What is a Growth and Well-being Scan?

During the third trimester of pregnancy, growth scans are routinely performed to monitor the development of the fetus. These scans, also known as fetal growth scans, are non-invasive and use ultrasound technology to estimate the size and weight of the fetus.

What is the purpose of a growth scan?

The primary purpose of growth scans is to ensure that the fetus is developing properly and to detect any potential complications, such as growth restriction or macrosomia (a condition where the baby is larger than average). These scans can also provide important information about the amount of amniotic fluid, the position of the baby, and the health of the placenta.

When would you undergo a growth scan?

Growth scans are typically performed between 28 and 40 weeks of gestation, with most women having at least one scan during this period. The timing and frequency of growth scans may vary depending on the mother's medical history, the size of the baby, and any other risk factors that may be present.

What happens during a growth scan?

During a growth scan, the Sonographer or ultrasound technician will measure various parts of the fetus, including the head circumference, abdominal circumference, and femur length. These measurements are used to estimate the fetal weight and compare it to the expected weight based on the gestational age.

In addition to measuring the fetus, growth scans may also include Doppler ultrasound, (if clinically indicated )which is used to assess blood flow to the fetus and placenta. This can provide valuable information about the health of the baby and the placenta, as well as help to identify any potential issues with blood flow.

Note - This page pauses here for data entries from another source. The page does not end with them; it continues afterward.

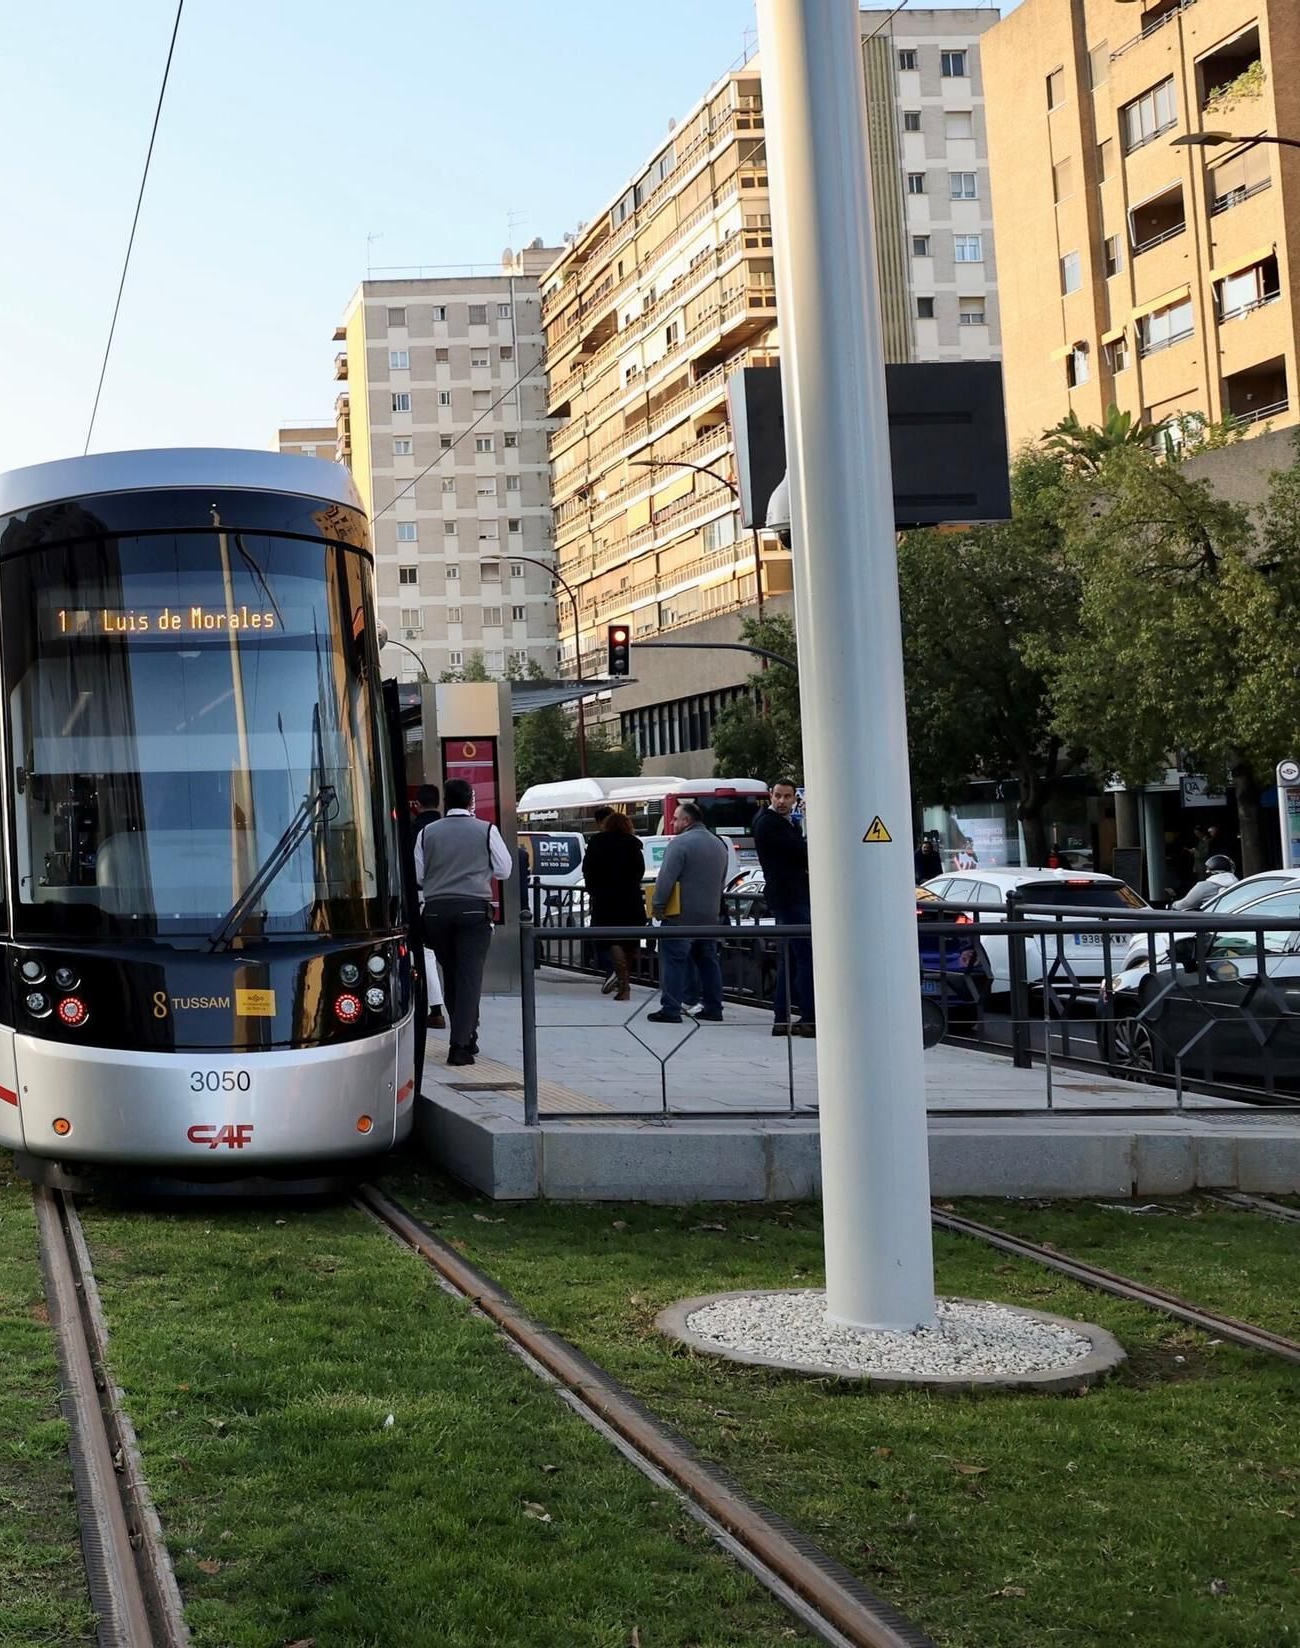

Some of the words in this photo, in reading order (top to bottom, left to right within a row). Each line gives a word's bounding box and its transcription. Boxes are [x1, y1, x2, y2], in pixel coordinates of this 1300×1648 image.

[58, 609, 67, 632] 1
[103, 609, 148, 631] Luis
[158, 607, 181, 630] de
[191, 606, 274, 630] Morales
[539, 841, 568, 852] DFM
[1082, 935, 1102, 944] 938
[171, 997, 230, 1009] TUSSAM
[190, 1070, 251, 1092] 3050
[187, 1124, 254, 1149] CAF
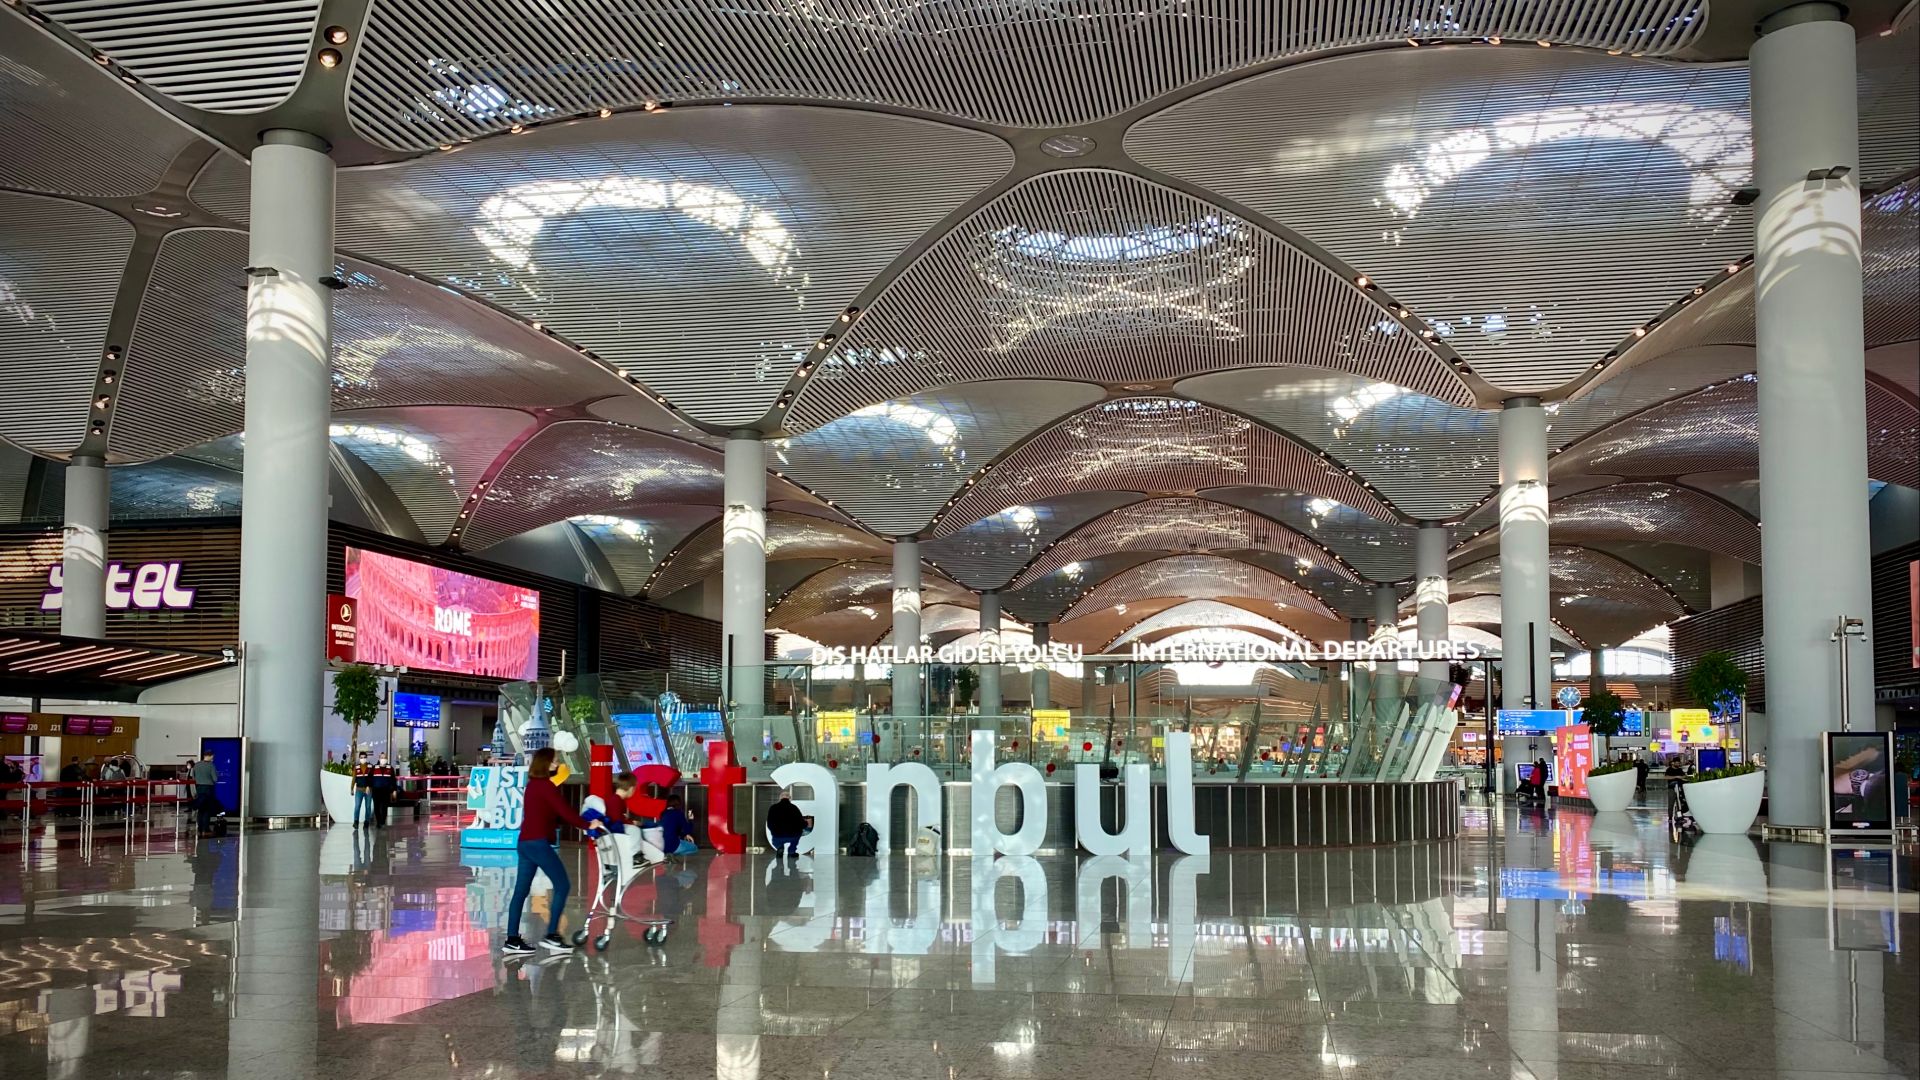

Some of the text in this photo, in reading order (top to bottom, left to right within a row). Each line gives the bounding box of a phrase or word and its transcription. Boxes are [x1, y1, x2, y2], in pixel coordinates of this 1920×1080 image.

[434, 604, 472, 637] ROME
[851, 645, 933, 664] HATLAR
[1011, 643, 1083, 663] YOLCU
[1132, 639, 1480, 662] INTERNATIONAL DEPARTURES
[27, 723, 38, 731] J20
[50, 724, 61, 732] J21

Limitations of growth scans

While growth scans can provide important information about the health and development of the fetus, they do have some limitations. The estimates of fetal weight based on ultrasound measurements can be inaccurate, and there is a risk of false positives for growth restriction or macrosomia. Additionally, growth scans do not always detect all potential complications, such as cord compression or fetal distress.

In conclusion, growth scans are a useful tool for monitoring fetal development during the third trimester of pregnancy. They can provide important information about the size and weight of the fetus, as well as help to detect any potential complications.